_Exercise_. The listing that follows should be duplicated character for character.
· · · · ·
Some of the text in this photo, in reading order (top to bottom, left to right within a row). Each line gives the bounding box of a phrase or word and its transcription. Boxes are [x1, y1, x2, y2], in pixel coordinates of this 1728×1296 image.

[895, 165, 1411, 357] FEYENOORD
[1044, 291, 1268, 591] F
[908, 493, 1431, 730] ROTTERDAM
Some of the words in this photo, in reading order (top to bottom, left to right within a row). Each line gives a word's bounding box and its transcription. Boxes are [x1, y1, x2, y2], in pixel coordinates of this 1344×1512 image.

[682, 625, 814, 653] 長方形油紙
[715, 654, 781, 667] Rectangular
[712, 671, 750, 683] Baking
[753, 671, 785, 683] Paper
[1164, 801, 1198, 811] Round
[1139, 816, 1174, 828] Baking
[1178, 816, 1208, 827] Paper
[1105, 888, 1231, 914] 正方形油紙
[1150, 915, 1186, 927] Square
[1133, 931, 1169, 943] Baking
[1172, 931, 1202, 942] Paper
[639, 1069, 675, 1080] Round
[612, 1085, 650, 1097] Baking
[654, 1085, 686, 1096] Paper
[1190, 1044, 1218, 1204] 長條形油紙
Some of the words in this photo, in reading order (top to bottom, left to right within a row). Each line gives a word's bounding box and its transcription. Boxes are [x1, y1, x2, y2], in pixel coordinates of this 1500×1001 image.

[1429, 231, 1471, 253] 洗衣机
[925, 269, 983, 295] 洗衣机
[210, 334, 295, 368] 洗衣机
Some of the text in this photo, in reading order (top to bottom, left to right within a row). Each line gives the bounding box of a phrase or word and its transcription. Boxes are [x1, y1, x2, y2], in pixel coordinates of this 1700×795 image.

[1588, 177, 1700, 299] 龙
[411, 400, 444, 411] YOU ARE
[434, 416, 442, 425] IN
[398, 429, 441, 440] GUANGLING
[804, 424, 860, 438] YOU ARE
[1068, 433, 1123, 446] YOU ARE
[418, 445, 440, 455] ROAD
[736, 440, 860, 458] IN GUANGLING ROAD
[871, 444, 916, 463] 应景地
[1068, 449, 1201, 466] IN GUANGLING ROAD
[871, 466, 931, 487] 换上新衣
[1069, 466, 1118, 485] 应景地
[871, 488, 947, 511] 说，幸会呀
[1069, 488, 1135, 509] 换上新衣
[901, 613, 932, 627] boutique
· · · · ·
_Output_.
Some of the text in this photo, in reading order (top to bottom, left to right within a row). Each line gives the bounding box of a phrase or word and its transcription. Boxes are [x1, y1, x2, y2], in pixel coordinates of this 1728×1296 image.

[895, 165, 1411, 357] FEYENOORD
[1044, 291, 1268, 591] F
[908, 493, 1431, 730] ROTTERDAM
Some of the words in this photo, in reading order (top to bottom, left to right within a row). Each line gives a word's bounding box and its transcription. Boxes are [x1, y1, x2, y2], in pixel coordinates of this 1344×1512 image.

[682, 625, 814, 653] 長方形油紙
[715, 654, 781, 667] Rectangular
[712, 671, 750, 683] Baking
[753, 671, 785, 683] Paper
[1164, 801, 1198, 811] Round
[1139, 816, 1174, 828] Baking
[1178, 816, 1208, 827] Paper
[1105, 888, 1231, 914] 正方形油紙
[1150, 915, 1186, 927] Square
[1133, 931, 1169, 943] Baking
[1172, 931, 1202, 942] Paper
[639, 1069, 675, 1080] Round
[612, 1085, 650, 1097] Baking
[654, 1085, 686, 1096] Paper
[1190, 1044, 1218, 1204] 長條形油紙
Some of the words in this photo, in reading order (top to bottom, left to right within a row). Each line gives a word's bounding box and its transcription. Boxes are [x1, y1, x2, y2], in pixel coordinates of this 1500×1001 image.

[1429, 231, 1471, 253] 洗衣机
[925, 269, 983, 295] 洗衣机
[210, 334, 295, 368] 洗衣机
Some of the text in this photo, in reading order (top to bottom, left to right within a row). Each line gives the bounding box of a phrase or word and its transcription. Boxes are [x1, y1, x2, y2], in pixel coordinates of this 1700×795 image.

[1588, 177, 1700, 299] 龙
[411, 400, 444, 411] YOU ARE
[434, 416, 442, 425] IN
[398, 429, 441, 440] GUANGLING
[804, 424, 860, 438] YOU ARE
[1068, 433, 1123, 446] YOU ARE
[418, 445, 440, 455] ROAD
[736, 440, 860, 458] IN GUANGLING ROAD
[871, 444, 916, 463] 应景地
[1068, 449, 1201, 466] IN GUANGLING ROAD
[871, 466, 931, 487] 换上新衣
[1069, 466, 1118, 485] 应景地
[871, 488, 947, 511] 说，幸会呀
[1069, 488, 1135, 509] 换上新衣
[901, 613, 932, 627] boutique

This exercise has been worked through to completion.